As a parent, you will quickly realize that even your best intentions can have the complete opposite outcome of what you planned. Teaching him how to use the remote seems harmless, right? Wrong. Potentially one of the worst ideas I’ve had in a long time. The problem lies with DVR and my boy’s perception of “live” TV.
He just doesn’t get it. He’d rather rewind just so he has something to fast forward. He wants control. He is missing the magic of the moment in lieu of the television being under his command. He cares less for what and why and more for when and how. The hard part for me is finding fault with something that I probably would have done myself when I was his age. Patience is not my strong suit and I can honestly see myself doing the very same thing as a kid.
But, the thing I’m trying to wrap my head around is if this is a bad thing or if it’s just… different. Not so much good, not so much bad, but simply different.
This is life these days. Whatever you want you got. The magic of waiting for Saturday morning cartoons is replaced by instant access to any program you want via YouTube, Google, or your favorite app. Remember when you had a question and had to remember said question until a time when you could ask a particular someone who might know the answer?

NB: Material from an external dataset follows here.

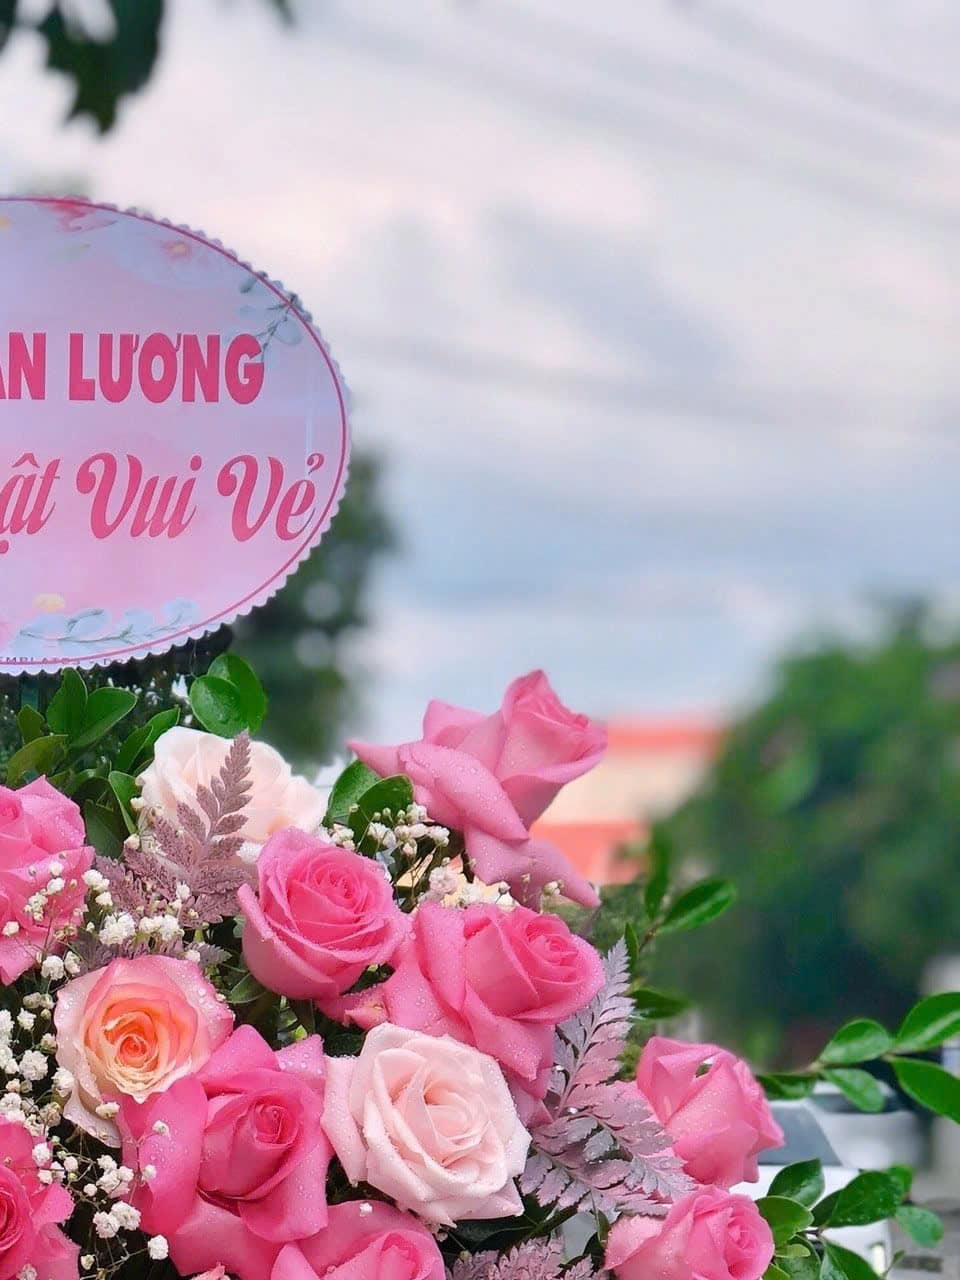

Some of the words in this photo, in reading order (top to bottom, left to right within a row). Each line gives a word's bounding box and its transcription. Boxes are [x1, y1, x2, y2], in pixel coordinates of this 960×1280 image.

[68, 332, 264, 405] LƯƠNG
[75, 451, 203, 540] Vui
[216, 451, 324, 542] Vẻ

Now? Google it and the answer is yours.
But again, I can’t say that any of this is a bad thing. What we have here is unprecedented technology granting us access to everything and anything not requiring Level 4 Government clearance. Who knows what this will lead to? The next Albert Einstein or Thomas Edison might have that much more of an impact on the world because of this on demand availability of information. What if the next great software platform is something that takes a healthy stab at global hunger because of such unlimited, unimpeded access to information?
In short, the good thing about all of this is that if you can think it and imagine it, you can pretty much create it.
So, I’m going to officially declare my support for this new dynamic. My boy can have the remote and trick himself into believing he has control over the TV all he wants. Marty and Doc can rush through time wreaking havoc, messing with people’s lives all in the name of love and today’s geniuses can have access to whatever they want, whenever they want it.
Me? I’ll wait.
This article originally appeared on Chelmsford Patch on 4/28/12.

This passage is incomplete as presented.